◆ What is expected: Once the line containing "Some of the words" is reached in the listing below, reproduce it and all later lines through the final one exactly, but omit any pictures.

◆ Source data:

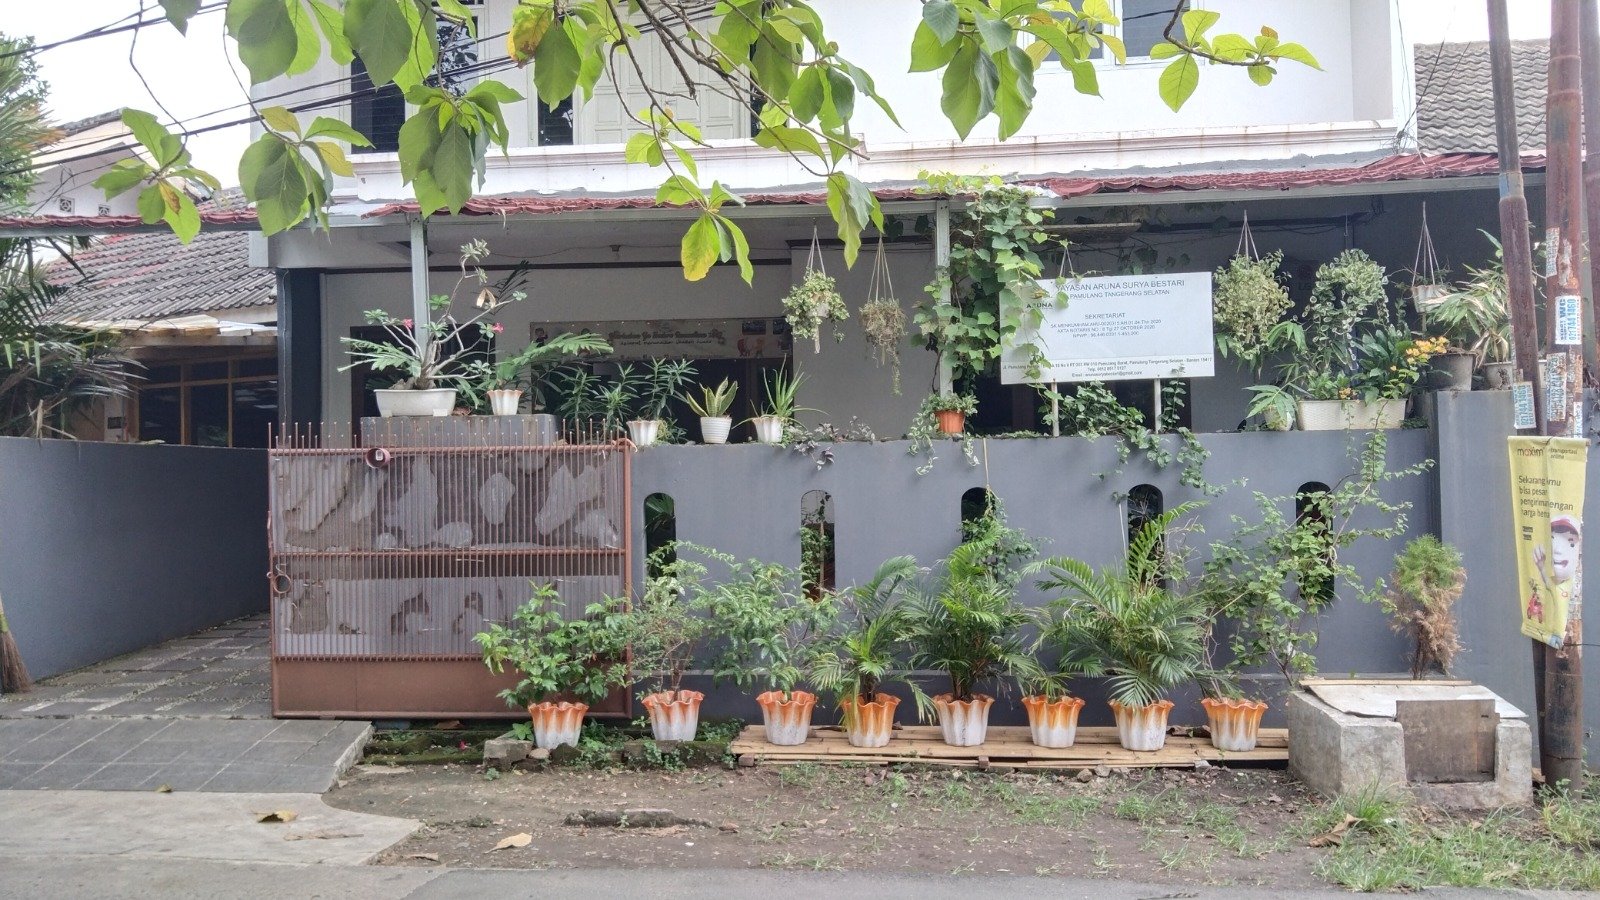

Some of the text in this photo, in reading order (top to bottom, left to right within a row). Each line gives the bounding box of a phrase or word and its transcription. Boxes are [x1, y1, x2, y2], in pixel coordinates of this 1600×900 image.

[1093, 282, 1120, 290] ARUNA
[1122, 281, 1149, 289] SURYA
[1150, 279, 1185, 288] BESTARI
[1104, 290, 1142, 298] TANGERANG
[1084, 312, 1126, 320] SEKRETARIAT
[1517, 446, 1544, 457] maxim
[1518, 475, 1546, 487] Sekarang
[1519, 485, 1531, 495] bisa
[1549, 501, 1574, 512] engan
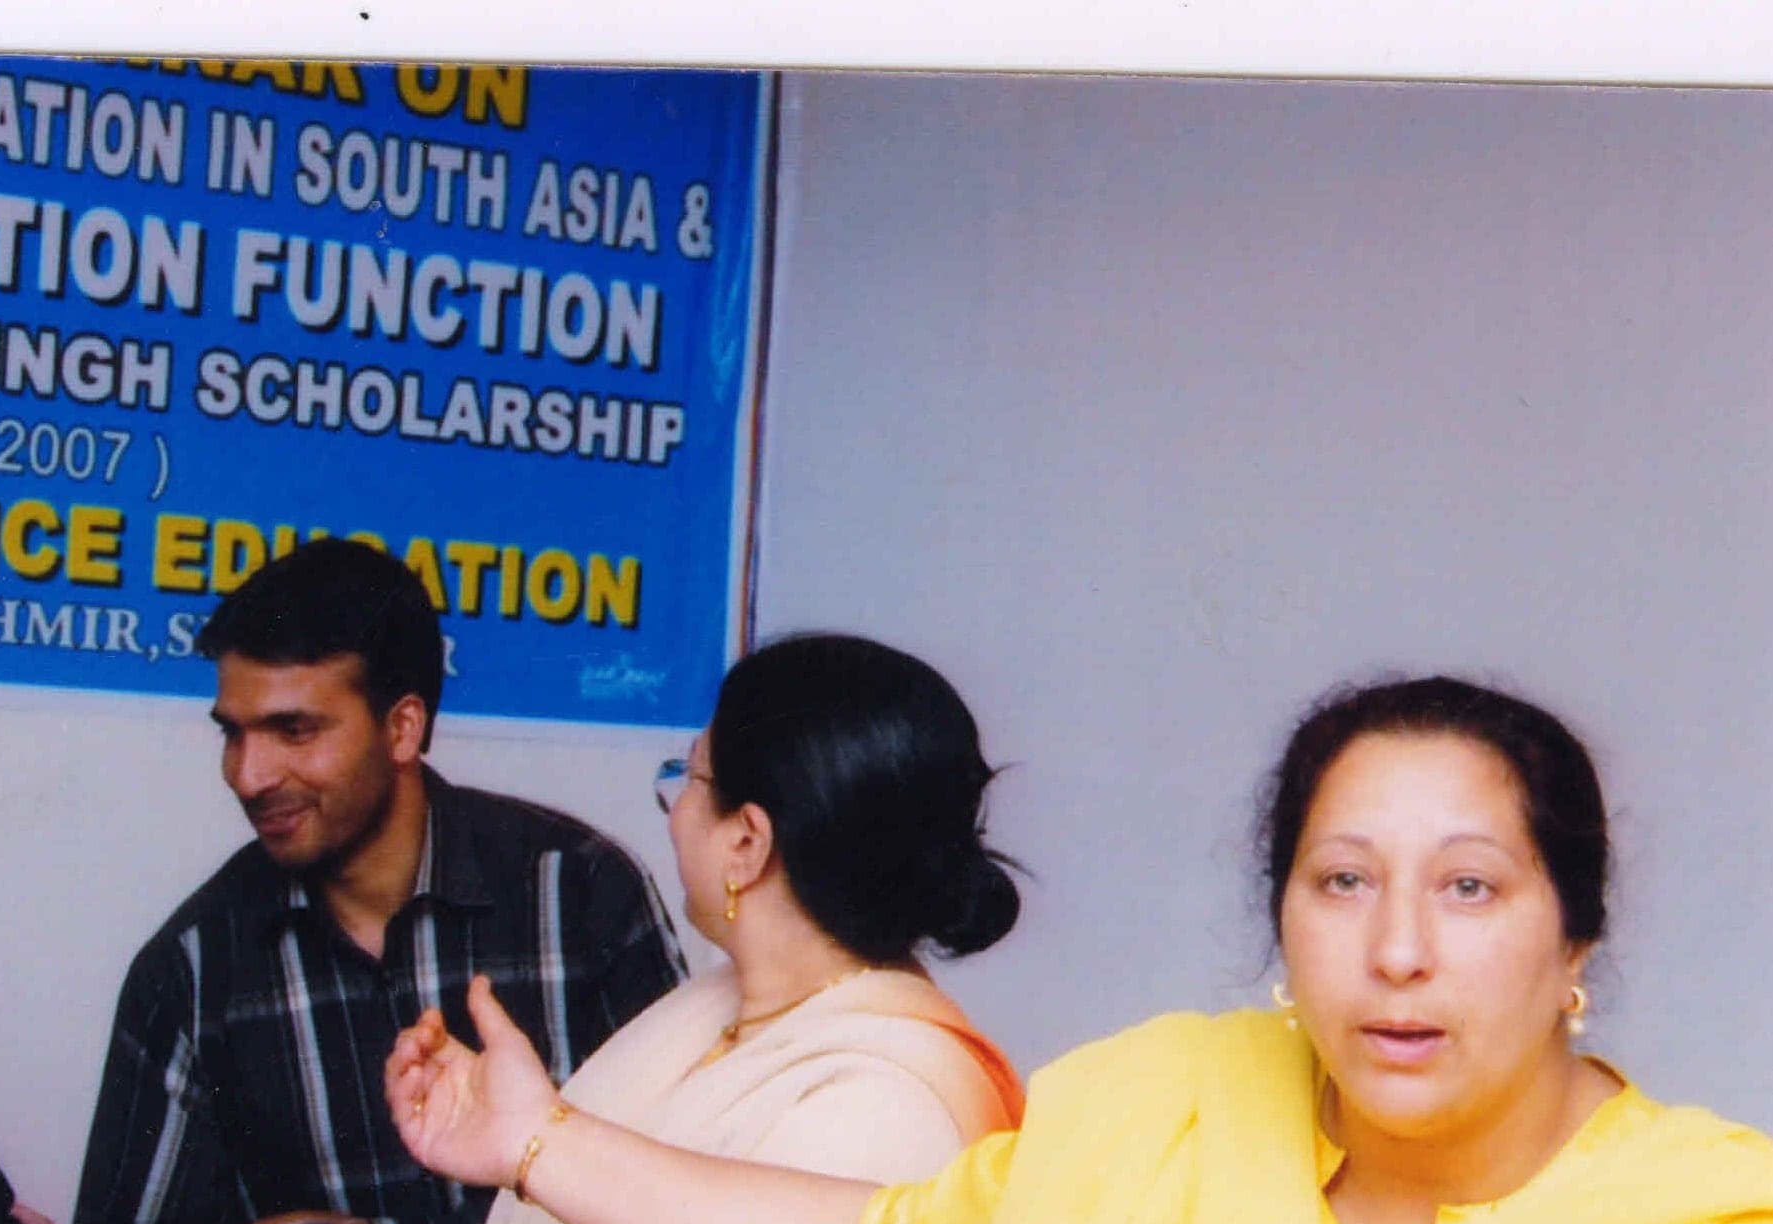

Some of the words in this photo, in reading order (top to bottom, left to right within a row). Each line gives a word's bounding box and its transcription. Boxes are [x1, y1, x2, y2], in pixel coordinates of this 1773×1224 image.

[396, 63, 529, 127] ON
[209, 114, 271, 193] IN
[297, 128, 503, 226] SOUTH
[528, 167, 656, 251] ASIA
[677, 183, 712, 259] &
[235, 233, 658, 369] FUNCTION
[199, 354, 684, 460] SCHOLARSHIP
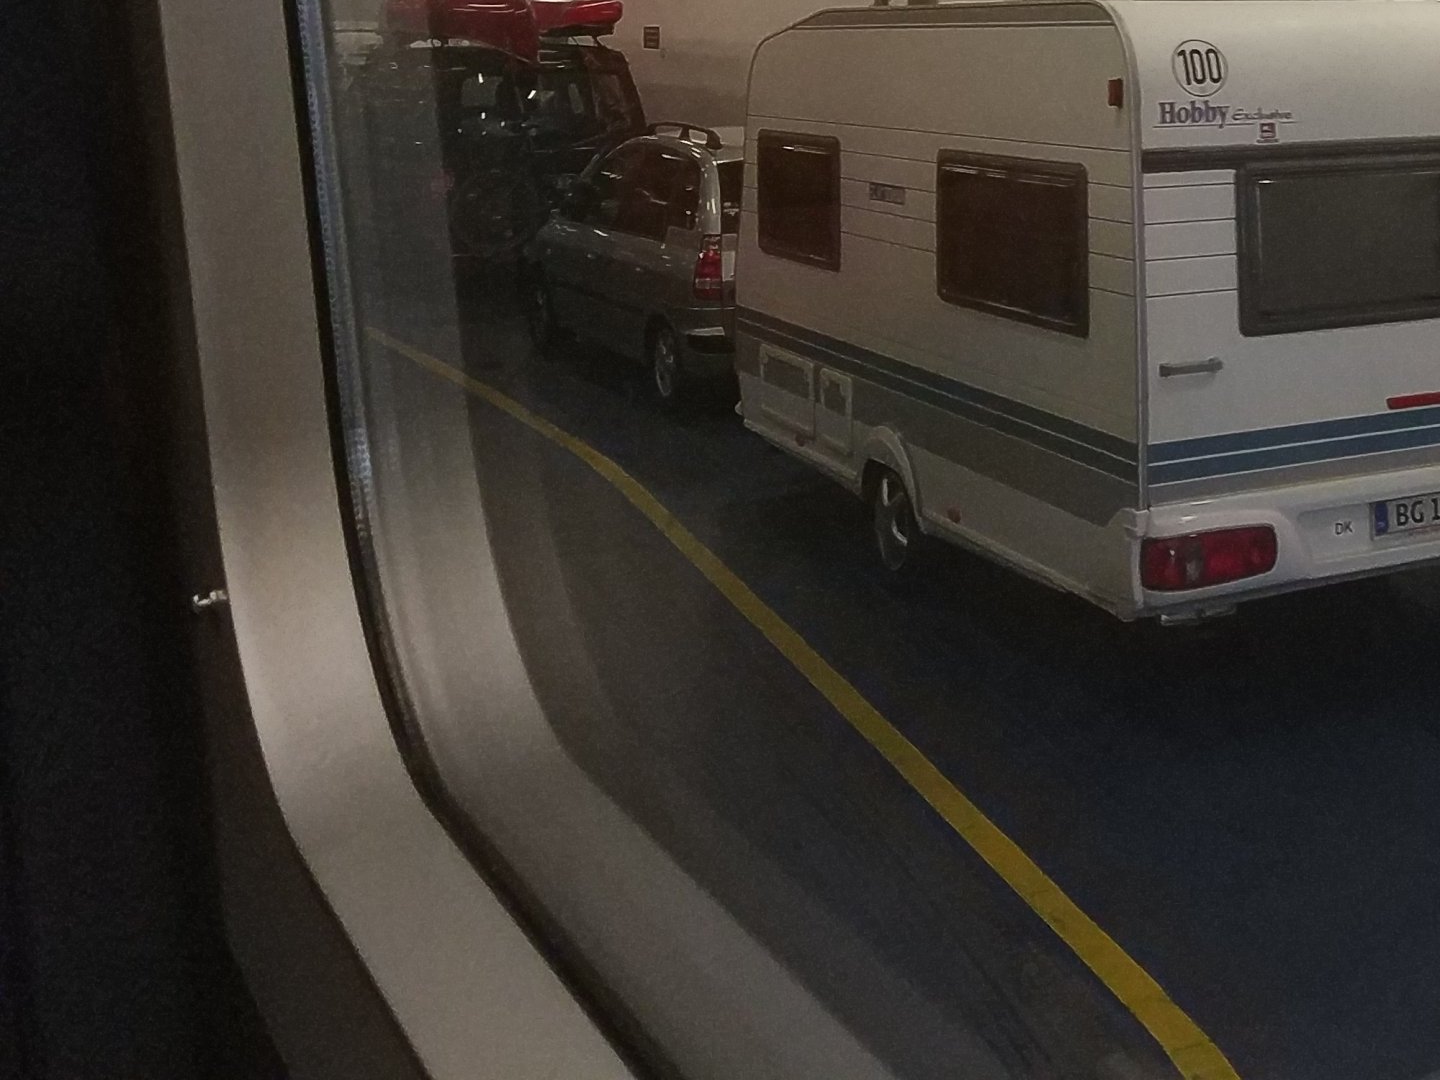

◆ Response to this task:
Some of the words in this photo, in reading order (top to bottom, left to right within a row). Each line gives a word's bounding box and its transcription. Boxes are [x1, y1, x2, y2], in pixel coordinates of this 1773×1224 image.

[396, 63, 529, 127] ON
[209, 114, 271, 193] IN
[297, 128, 503, 226] SOUTH
[528, 167, 656, 251] ASIA
[677, 183, 712, 259] &
[235, 233, 658, 369] FUNCTION
[199, 354, 684, 460] SCHOLARSHIP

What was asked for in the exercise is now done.